Should you define your own death?
By Tom Heneghan
WASHINGTON (Reuters) - Robert Veatch weighs his words carefully when he talks about how people pass away. Most simply die. Some "become dead." Others are "made dead."
Some end-of-life cases are so unclear, he thinks, that people should be able to choose in advance the definition of death they want to be used to declare them deceased.
"Most ordinary people, including most physicians, assume whether you're dead or alive is a science question," Veatch, a Georgetown University medical ethics professor who has lectured about death and dying for over three decades, told Reuters.
"In my view, it's a philosophical and religious issue and different people have different views on the matter," he said at a bioethics seminar at Georgetown's Kennedy School of Ethics.
Thanks to medical progress, terminally ill patients or victims of severe accidents can be kept on life support far beyond the point where they would have died naturally.

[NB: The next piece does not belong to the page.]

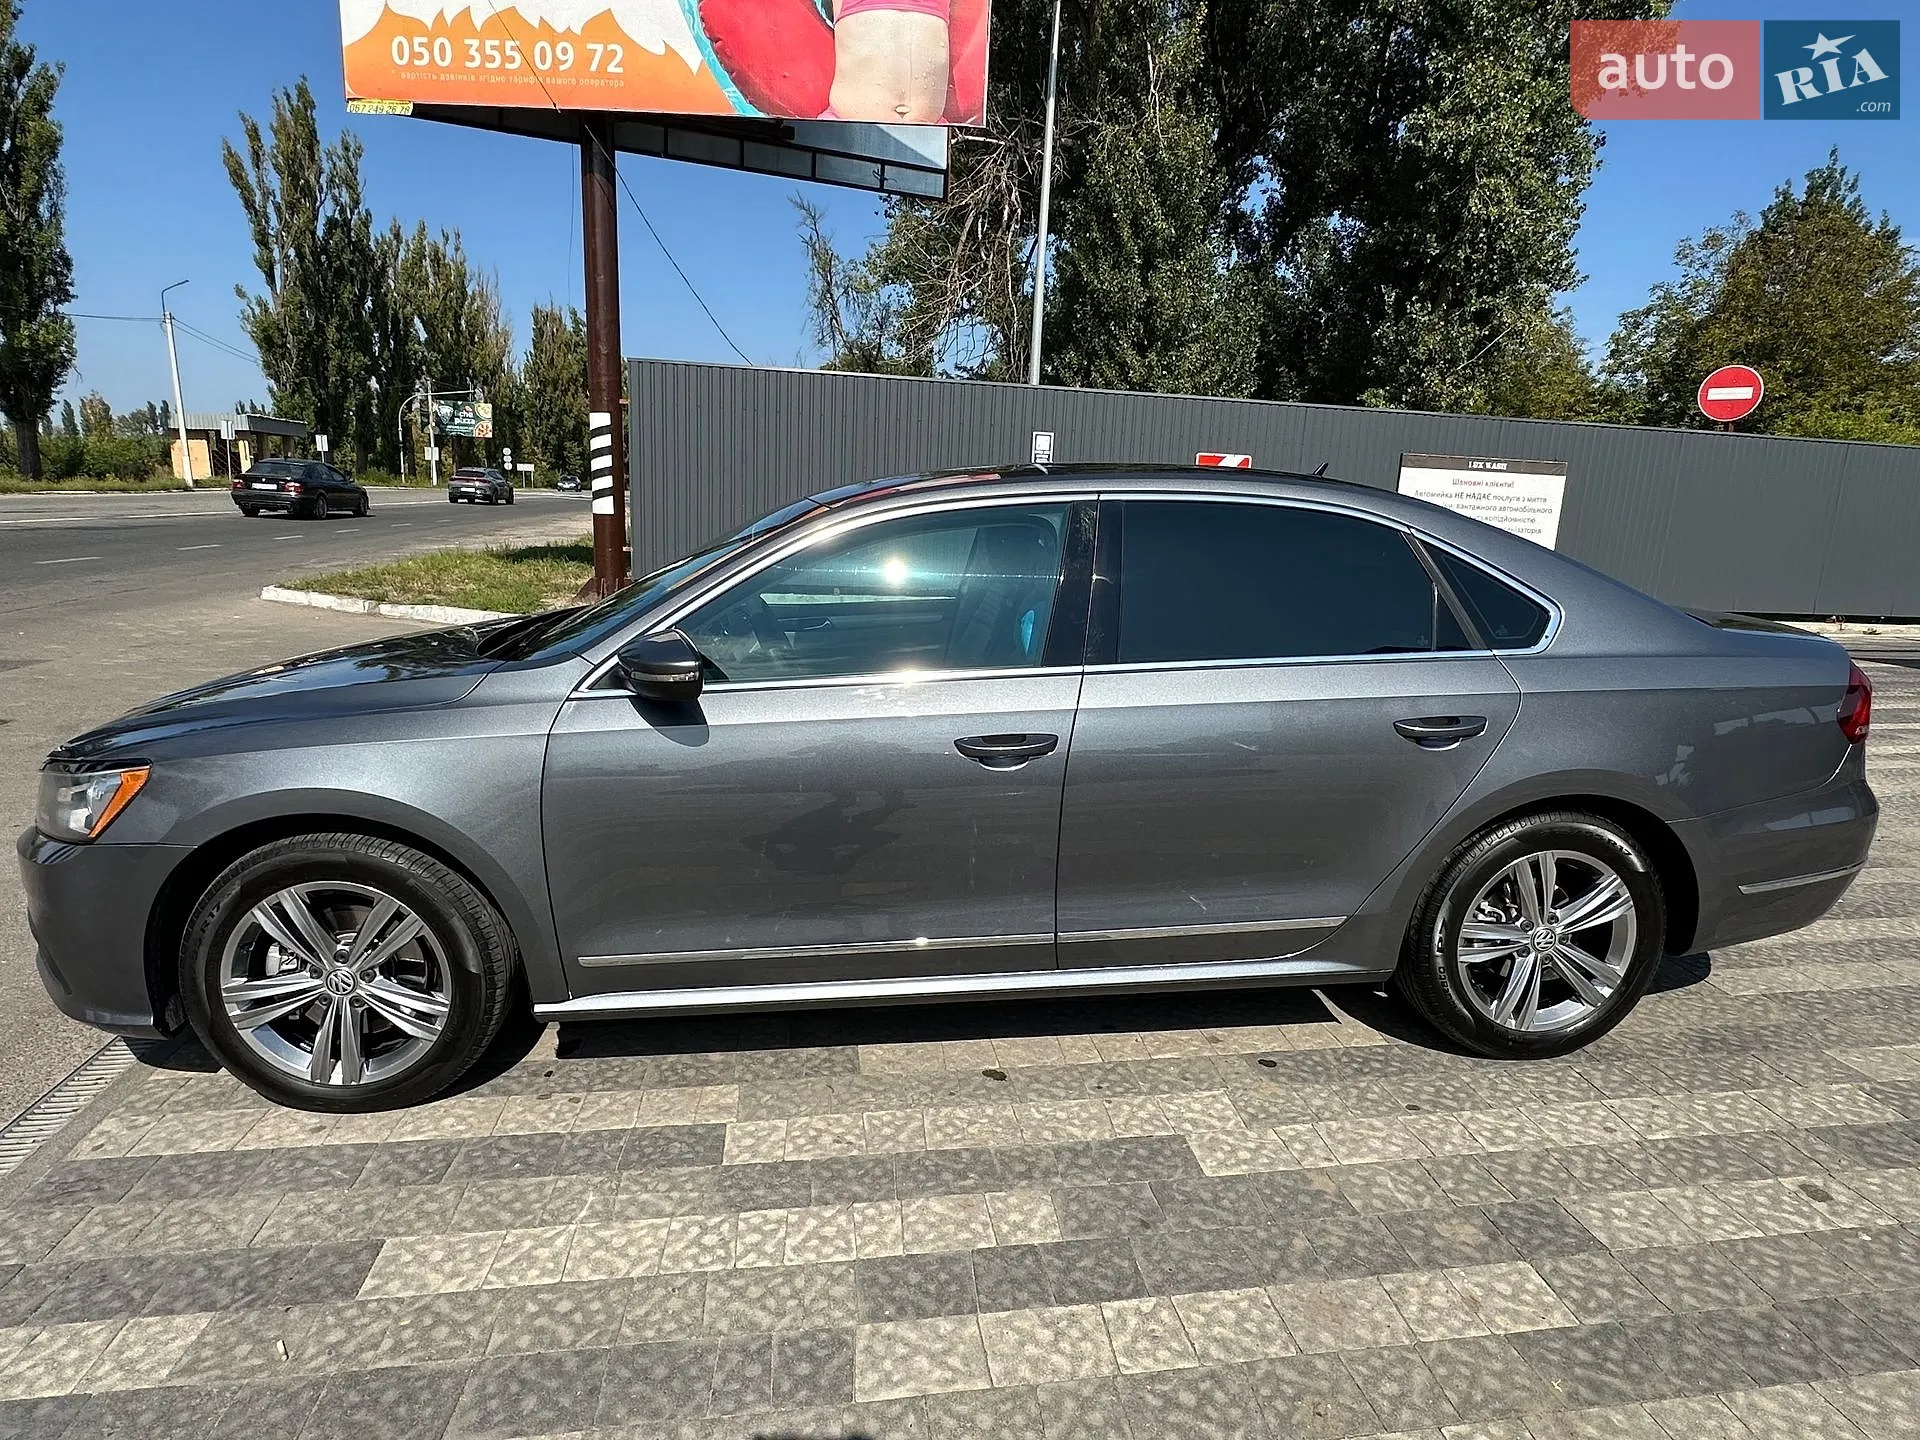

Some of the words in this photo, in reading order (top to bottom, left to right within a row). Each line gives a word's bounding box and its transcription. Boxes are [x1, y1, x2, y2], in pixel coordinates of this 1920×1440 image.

Veatch asked if being permanently unconscious and dependent on feeding and hydration tubes is still really life. If not, then people taken off that support are not killed, he argued, but are "made dead" or they "become dead."
The traditional view is that death occurs when the heart and lungs stop. Since the 1970s, Western countries have defined it as the irreversible loss of the entire brain's functions.
But the brain stem can keep basic functions going -- such as breathing -- even in a permanent vegetative or comatose state. Continued...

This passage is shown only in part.